DATA EXTRACTS >>
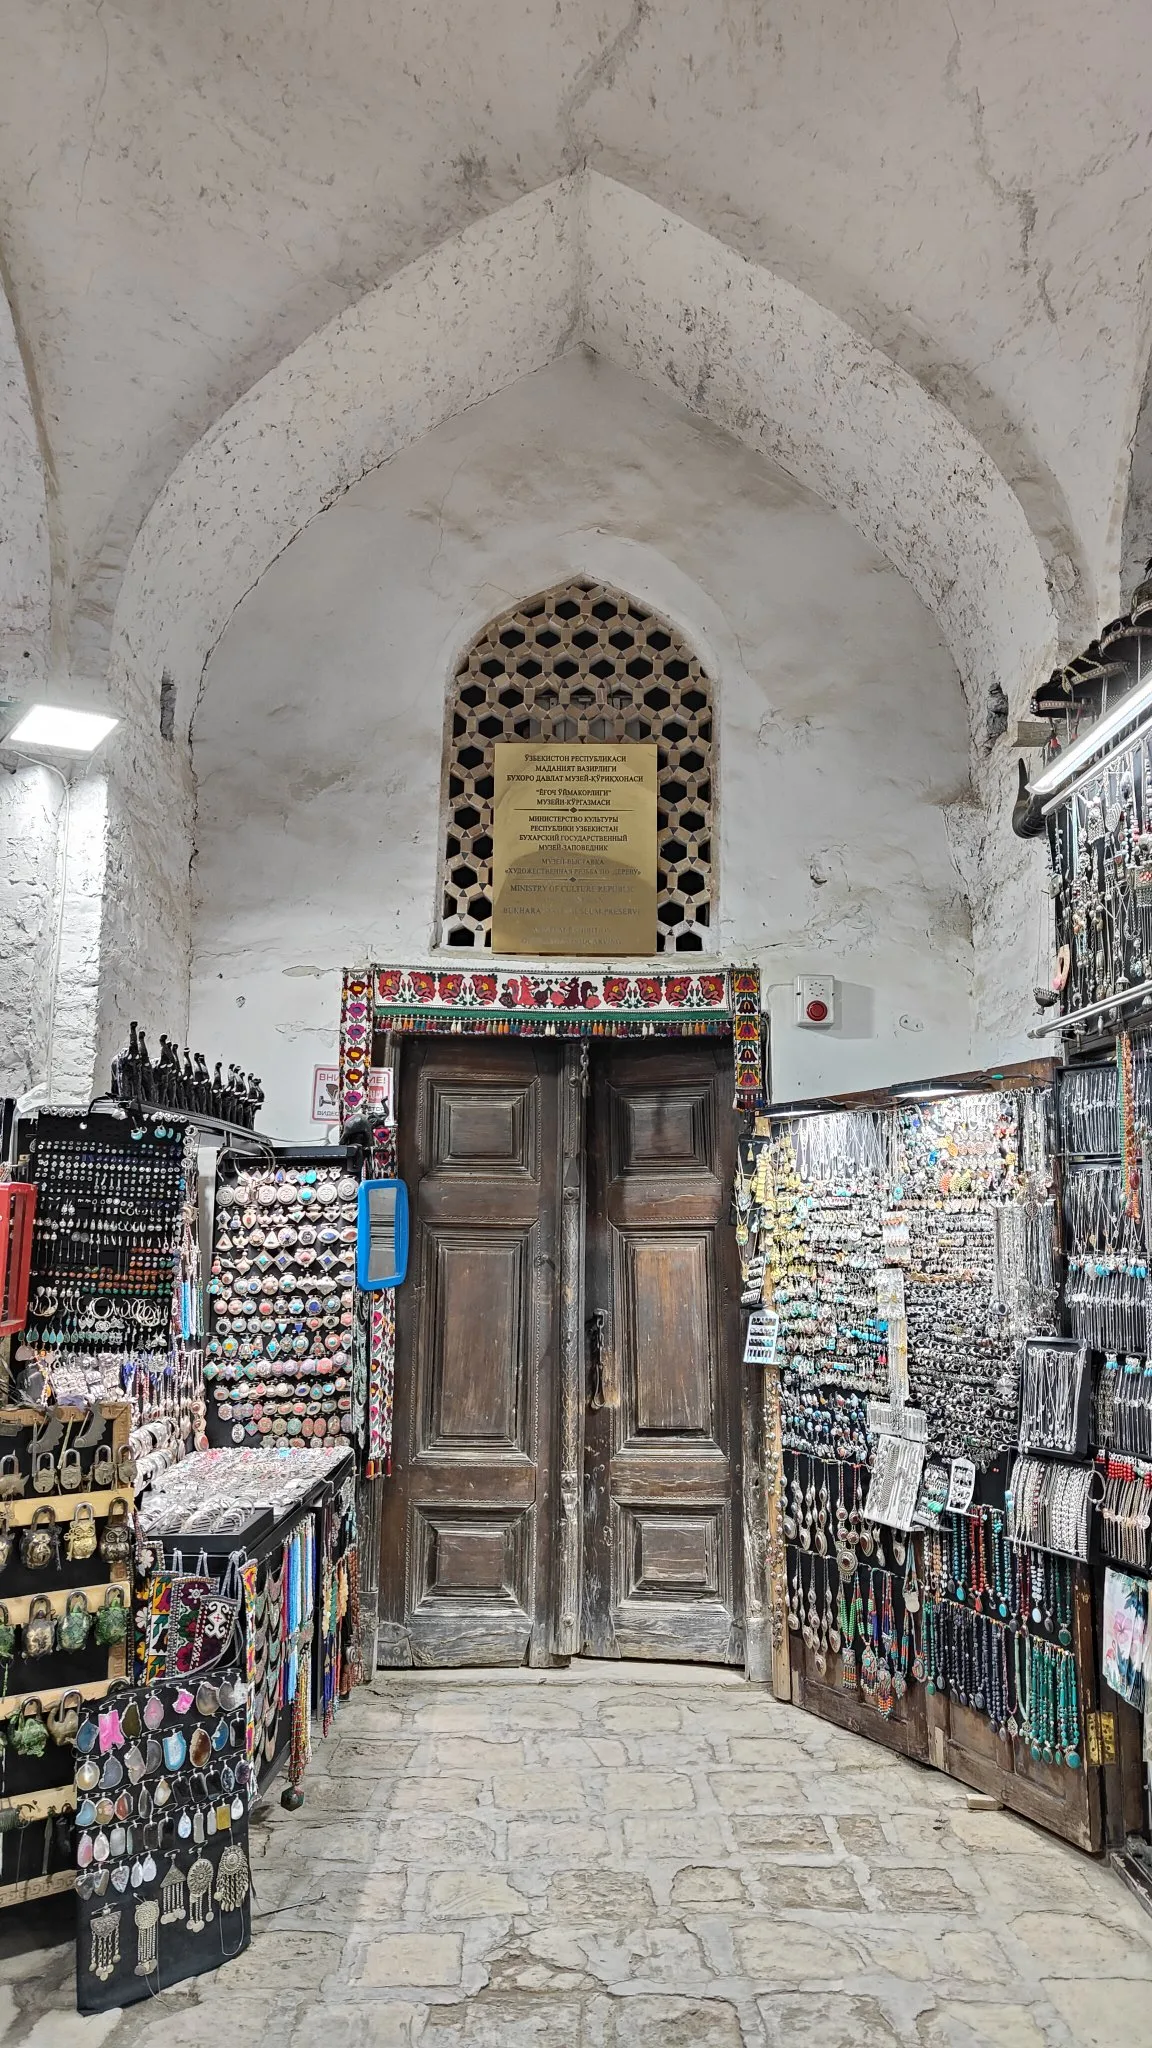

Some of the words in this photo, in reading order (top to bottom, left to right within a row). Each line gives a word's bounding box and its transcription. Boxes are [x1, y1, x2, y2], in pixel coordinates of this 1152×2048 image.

[524, 754, 570, 762] ЎЗБЕКИСТОН
[571, 755, 627, 763] РЕСПУБЛИКАСИ
[535, 765, 575, 773] МАДАНИЯТ
[577, 765, 617, 773] ВАЗИРЛИГИ
[506, 774, 535, 782] БУХОРО
[536, 775, 564, 783] ДАВЛАТ
[528, 815, 583, 823] МИНИСТЕРСТВО
[530, 825, 574, 833] РЕСПУБЛИКИ
[575, 825, 619, 833] УЗБЕКИСТАН
[519, 833, 560, 841] БУХАРСКИЙ
[560, 834, 628, 842] ГОСУДАРСТВЕННЫЙ
[510, 884, 546, 893] MINISTRY

DESCRIPTION OF THE TASK >> Could you reproduce the records above exactly, leaving out every picture?

TASK RESPONSE >>
Some of the words in this photo, in reading order (top to bottom, left to right within a row). Each line gives a word's bounding box and its transcription. Boxes are [x1, y1, x2, y2], in pixel coordinates of this 1152×2048 image.

[524, 754, 570, 762] ЎЗБЕКИСТОН
[571, 755, 627, 763] РЕСПУБЛИКАСИ
[535, 765, 575, 773] МАДАНИЯТ
[577, 765, 617, 773] ВАЗИРЛИГИ
[506, 774, 535, 782] БУХОРО
[536, 775, 564, 783] ДАВЛАТ
[528, 815, 583, 823] МИНИСТЕРСТВО
[530, 825, 574, 833] РЕСПУБЛИКИ
[575, 825, 619, 833] УЗБЕКИСТАН
[519, 833, 560, 841] БУХАРСКИЙ
[560, 834, 628, 842] ГОСУДАРСТВЕННЫЙ
[510, 884, 546, 893] MINISTRY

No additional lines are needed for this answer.